Ils se rencontrent essentiellement dans trois organes : le foie, la rate et la moelle osseuse. Il s’agit des trois organes où, au cours de la vie, se déroule l’hématopoïèse, à un moment ou à un autre (foie et rate chez l’embryon et en partie chez le fœtus, moelle à partir de la fin de la vie fœtale). Leur structure est encore plus simple : ils sont formés de cellules endothéliales disjointes, doublées de façon non constante d’une lame basale (qui n’existe pas dans le foie). Ces capillaires sinusoïdes sont en perpétuel remaniement : des cellules endothéliales peuvent partir dans la circulation, d’autres arrivent. A proximité des cellules endothéliales on trouve de nombreux macrophages, qui peuvent même parfois limiter eux-mêmes la lumière vasculaire. Ces macrophages sont généralement sur le versant extra-vasculaire dans la moelle et la rate, endovasculaire dans le foie (cellules de Küpffer). Ces capillaires sinusoïdes permettent un passage très facile non seulement du plasma mais aussi des cellules : rien d’étonnant à ce qu’on les rencontre dans les organes hématopoïétiques.

b- Le réseau capillaire


Les capillaires n’existent pas à l’état isolé mais forment un réseau organisé, qui s’intercale habituellement entre une artériole et une veinule. Il existe des exceptions : réseau capillaire qui s’articule entre deux artérioles (glomérule rénal) ou entre deux veinules (drainage du sang venu de la veine porte dans le foie). Cette organisation (réseau capillaire compris entre deux vaisseaux de même nature) porte le nom de réseau admirable. Il n’y a pas de réseau capillaire dans la cornée, et pratiquement pas dans les tendons.

Figure 5:

En amont, une anastomose artério-veineuse : celle-ci met directement en communication une artériole et une veinule. A ce niveau, l’artériole est particulièrement riche en fibres musculaires lisses, permettant de contrôler le débit : plus celui-ci sera important, plus faible sera la quantité de sang passant dans le réseau capillaire. Ces shunts sont particulièrement abondants dans la peau et participent à la thermorégulation. Une variété particulière d’anastomose artério-veineuse est représentée par les glomus, qui sont notamment abondant au niveau du lit unguéal. Les shunt prend un aspect enroulé, les fibres musculaires lisses y sont très abondantes et l’ensemble de la structure est enfermée dans un sac fibreux inextensible et richement innervé. La contraction maximale de ce glomus unguéal aboutit à l’ « onglet », phénomène douloureux se produisant au froid.

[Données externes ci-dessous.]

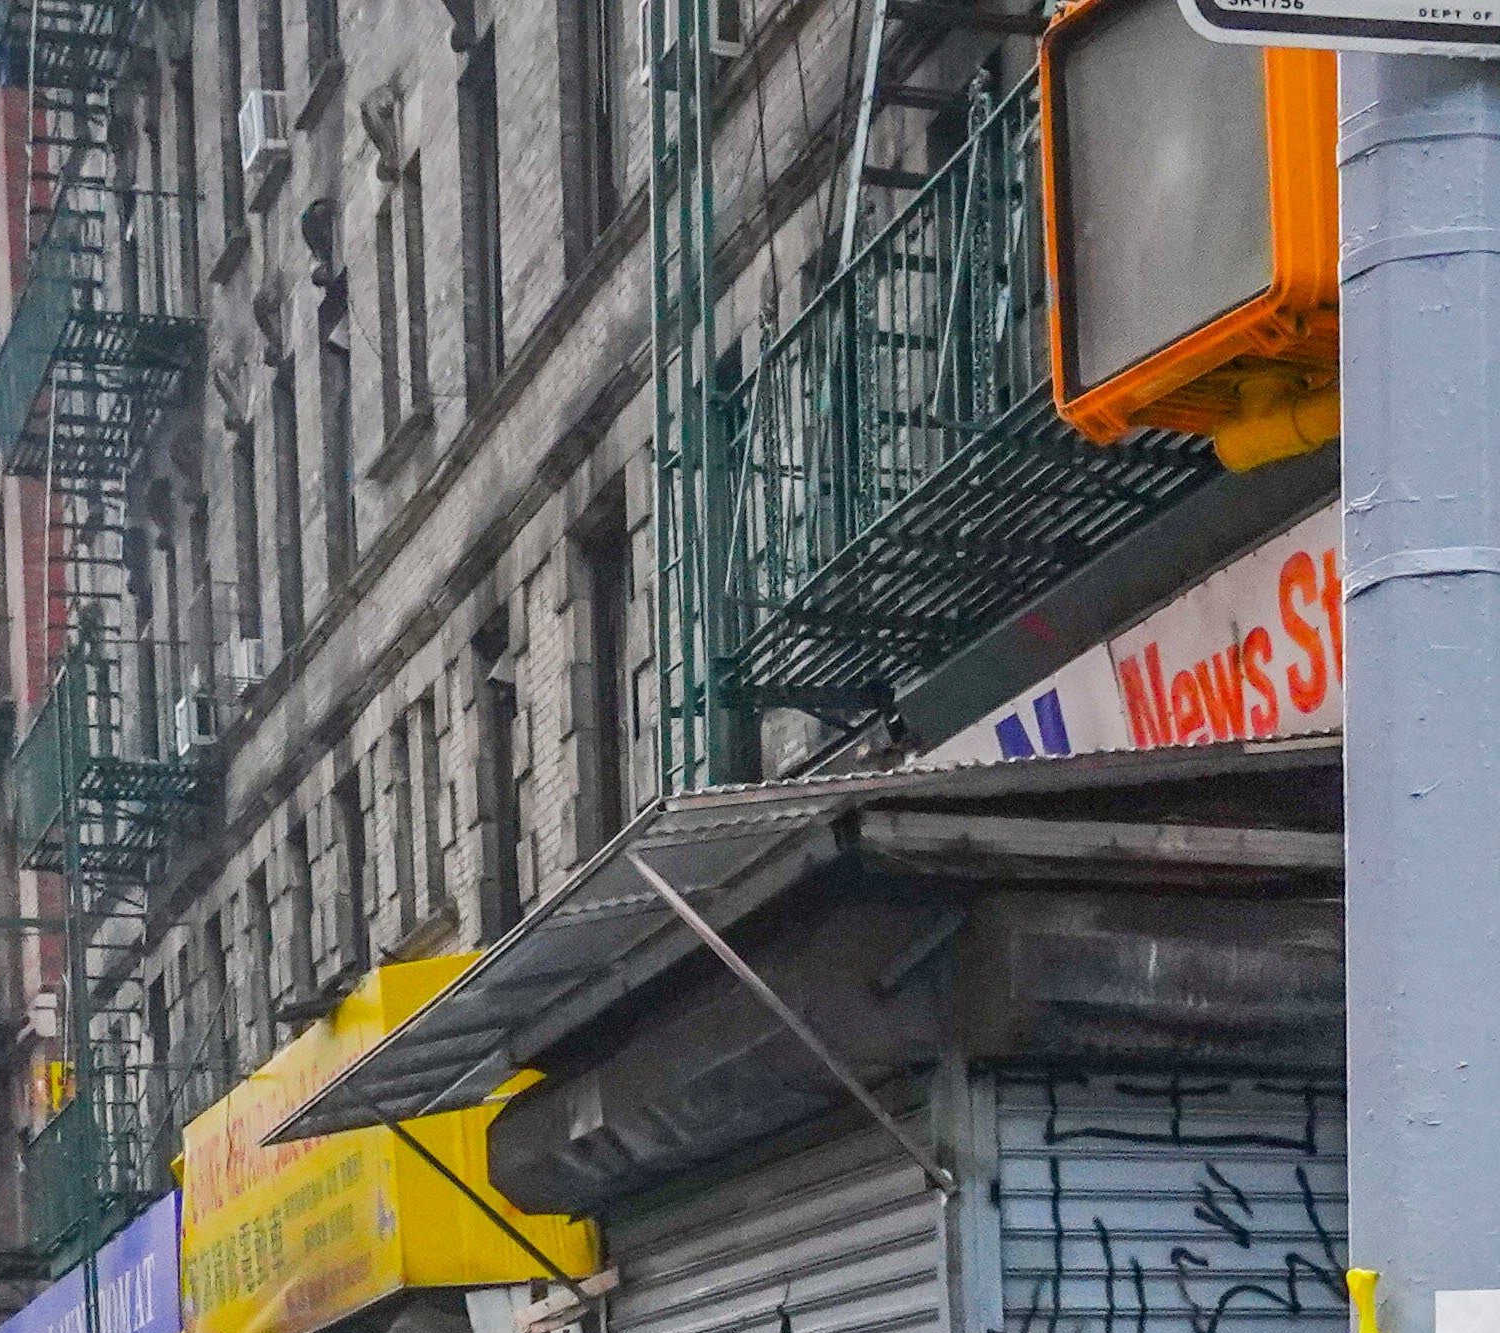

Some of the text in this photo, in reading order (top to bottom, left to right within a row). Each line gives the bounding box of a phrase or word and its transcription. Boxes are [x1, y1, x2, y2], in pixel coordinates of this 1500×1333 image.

[1418, 7, 1464, 21] DEPT
[1472, 10, 1494, 22] OF
[1119, 626, 1280, 749] News
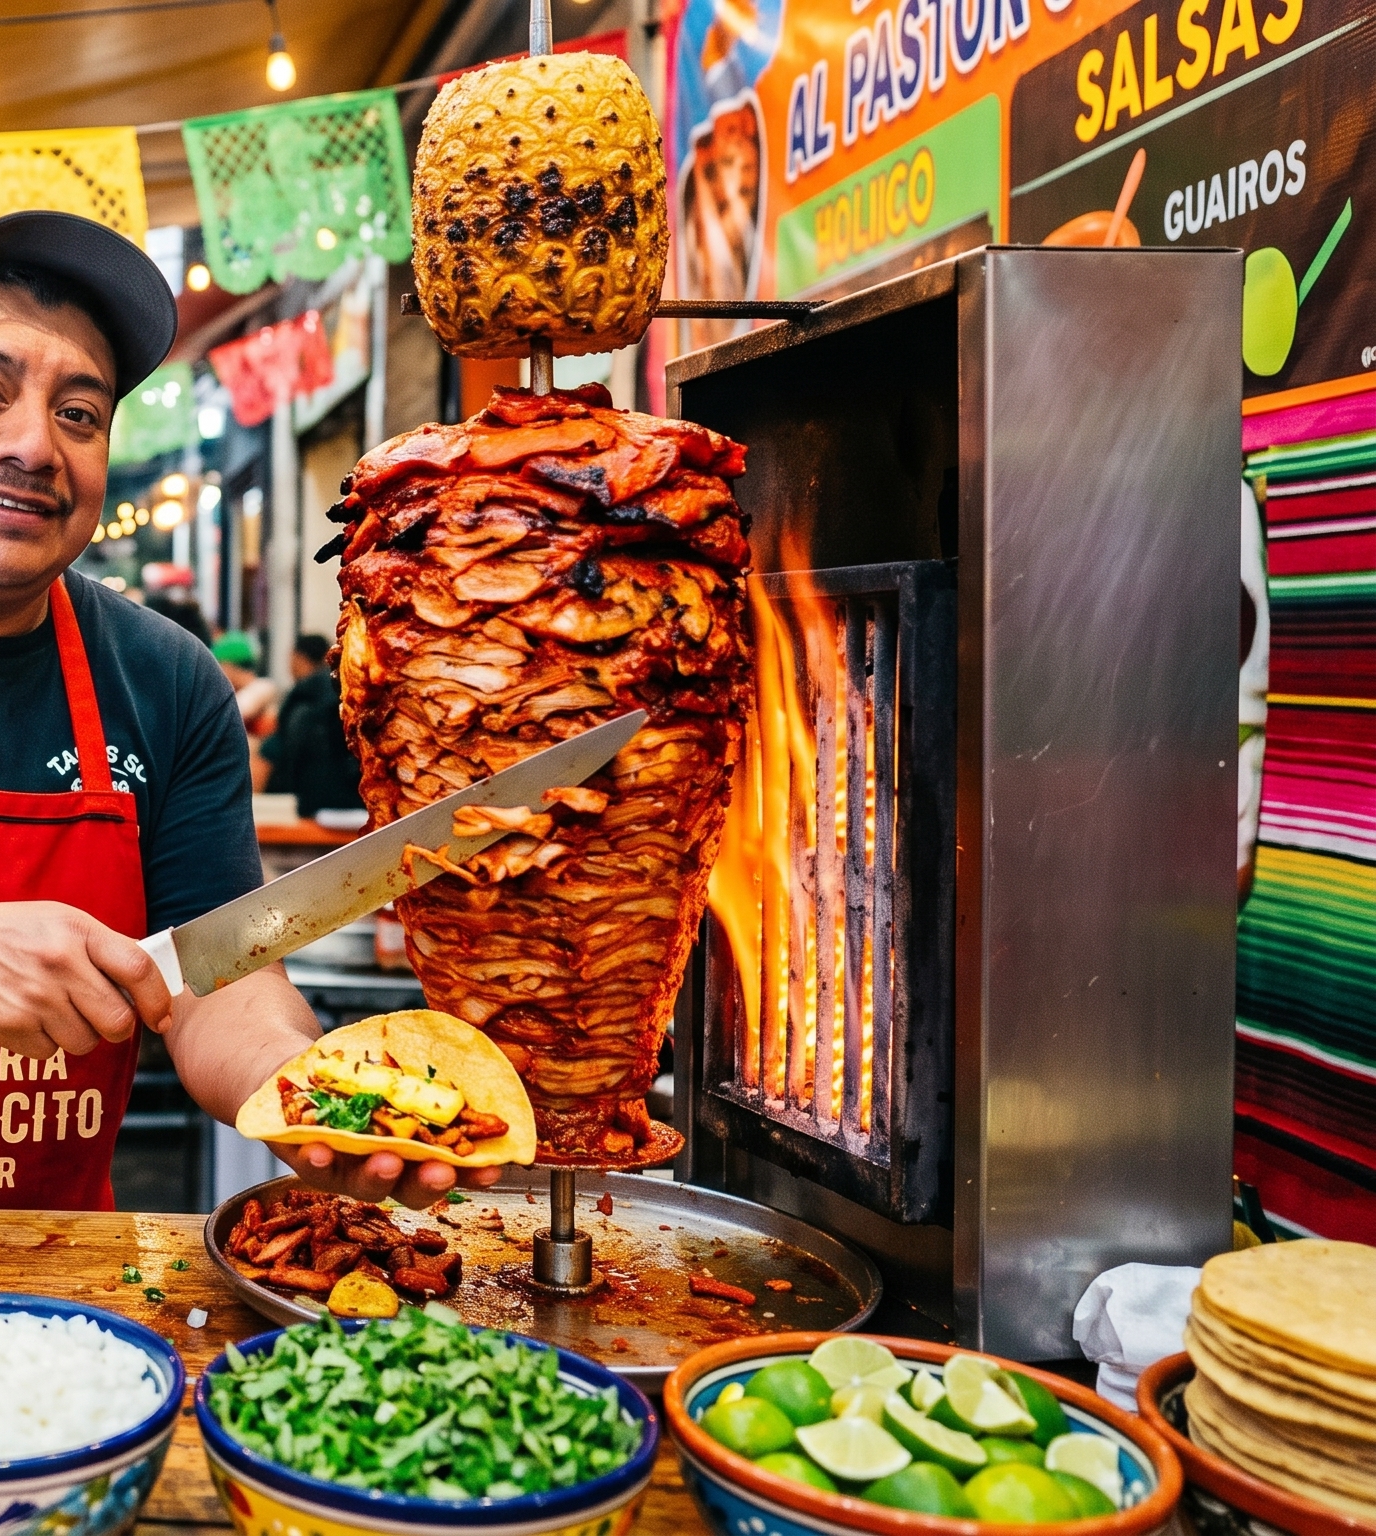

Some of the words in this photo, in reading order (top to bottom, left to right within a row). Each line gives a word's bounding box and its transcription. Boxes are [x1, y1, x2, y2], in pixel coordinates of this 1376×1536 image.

d- Le capillaire de jonction

Le réseau capillaire est centré sur un capillaire principal ou capillaire de jonction, de 200 μm environ de diamètre. Celui-ci, à la différence des capillaires ordinaires contient dans sa paroi des péricytes, cellules contractiles non musculaires (comme les sont les myofibroblastes). Le capillaire de jonction ne peut se fermer complètement.